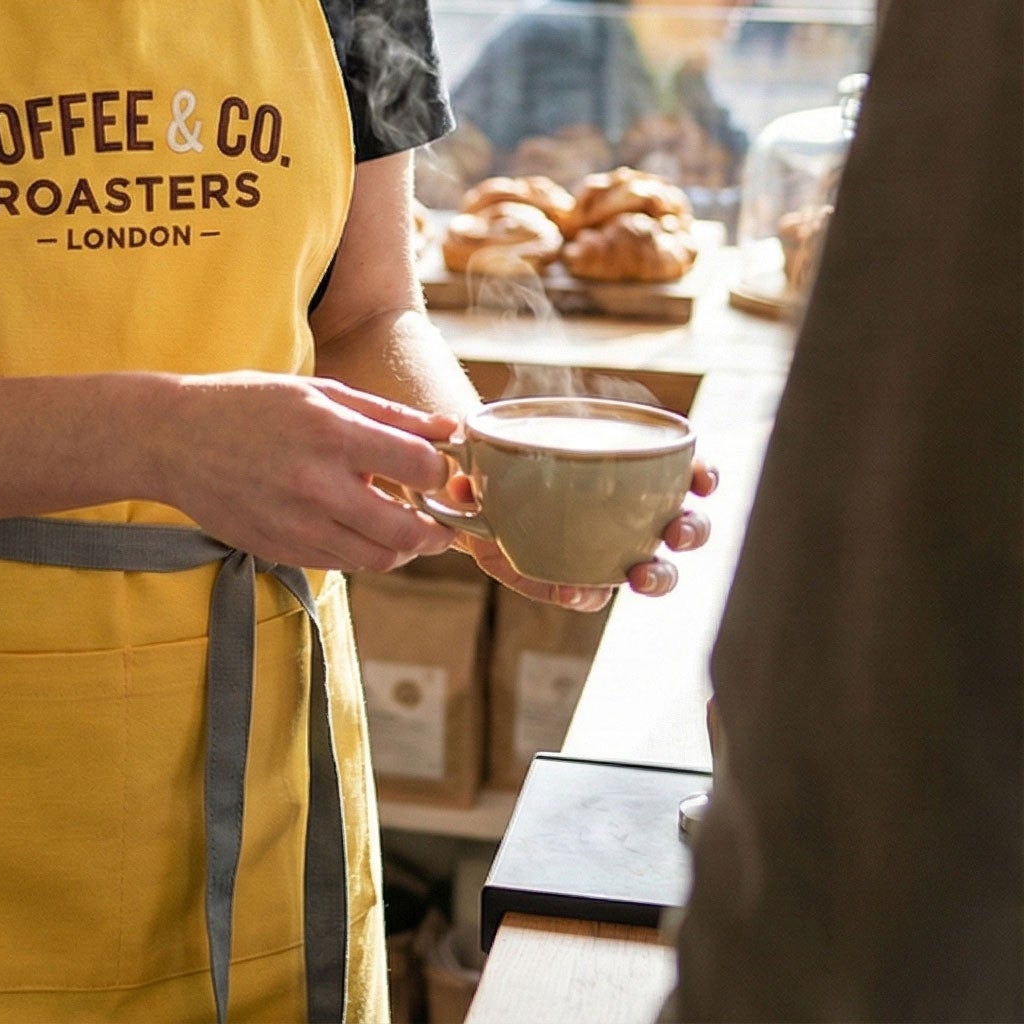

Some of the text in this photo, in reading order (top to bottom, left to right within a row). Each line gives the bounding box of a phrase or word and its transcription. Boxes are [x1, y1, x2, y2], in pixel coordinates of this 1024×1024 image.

[166, 89, 203, 153] &
[216, 96, 291, 168] CO.
[67, 225, 191, 250] LONDON
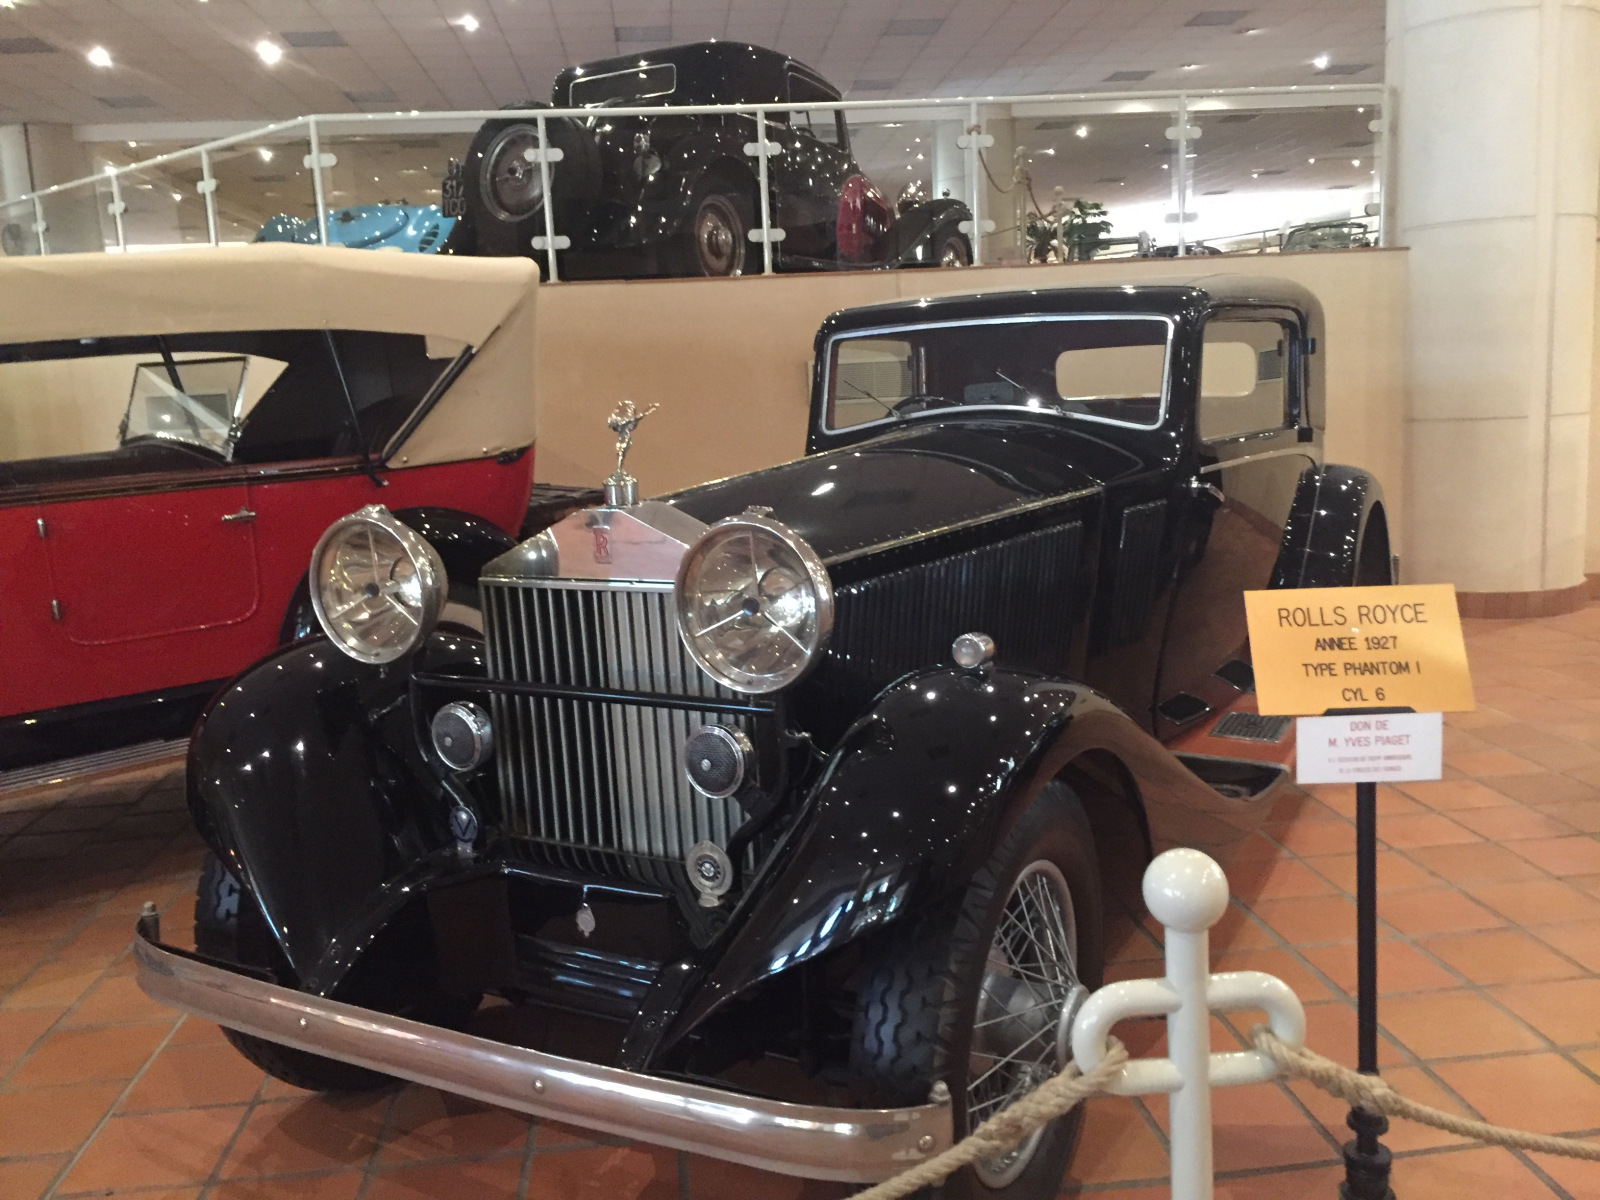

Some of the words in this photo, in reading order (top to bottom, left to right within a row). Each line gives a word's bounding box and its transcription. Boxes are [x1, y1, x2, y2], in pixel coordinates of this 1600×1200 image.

[1277, 606, 1347, 628] ROLLS
[1357, 603, 1428, 625] ROYCE
[1314, 637, 1358, 651] ANNEE
[1365, 636, 1398, 650] 1927
[1302, 663, 1338, 677] TYPE
[1343, 661, 1411, 677] PHANTOM
[1416, 661, 1421, 674] I
[1342, 688, 1369, 702] CYL
[1375, 687, 1386, 701] 6
[1350, 721, 1371, 732] DON
[1375, 720, 1389, 731] DE
[1345, 736, 1371, 747] YVES
[1374, 734, 1411, 746] PIAGET

********

WHAT YOU NEED TO DO: A word-for-word copy of the listing is needed. It must not include the pictures.

RESULT OF THE TASK:
Some of the text in this photo, in reading order (top to bottom, left to right within a row). Each line gives the bounding box of a phrase or word and its transcription. Boxes are [x1, y1, x2, y2], in pixel coordinates of this 1024×1024 image.

[166, 89, 203, 153] &
[216, 96, 291, 168] CO.
[67, 225, 191, 250] LONDON

Some of the words in this photo, in reading order (top to bottom, left to right within a row). Each line gives a word's bounding box and its transcription. Boxes are [x1, y1, x2, y2], in pixel coordinates of this 1600×1200 image.

[1277, 606, 1347, 628] ROLLS
[1357, 603, 1428, 625] ROYCE
[1314, 637, 1358, 651] ANNEE
[1365, 636, 1398, 650] 1927
[1302, 663, 1338, 677] TYPE
[1343, 661, 1411, 677] PHANTOM
[1416, 661, 1421, 674] I
[1342, 688, 1369, 702] CYL
[1375, 687, 1386, 701] 6
[1350, 721, 1371, 732] DON
[1375, 720, 1389, 731] DE
[1345, 736, 1371, 747] YVES
[1374, 734, 1411, 746] PIAGET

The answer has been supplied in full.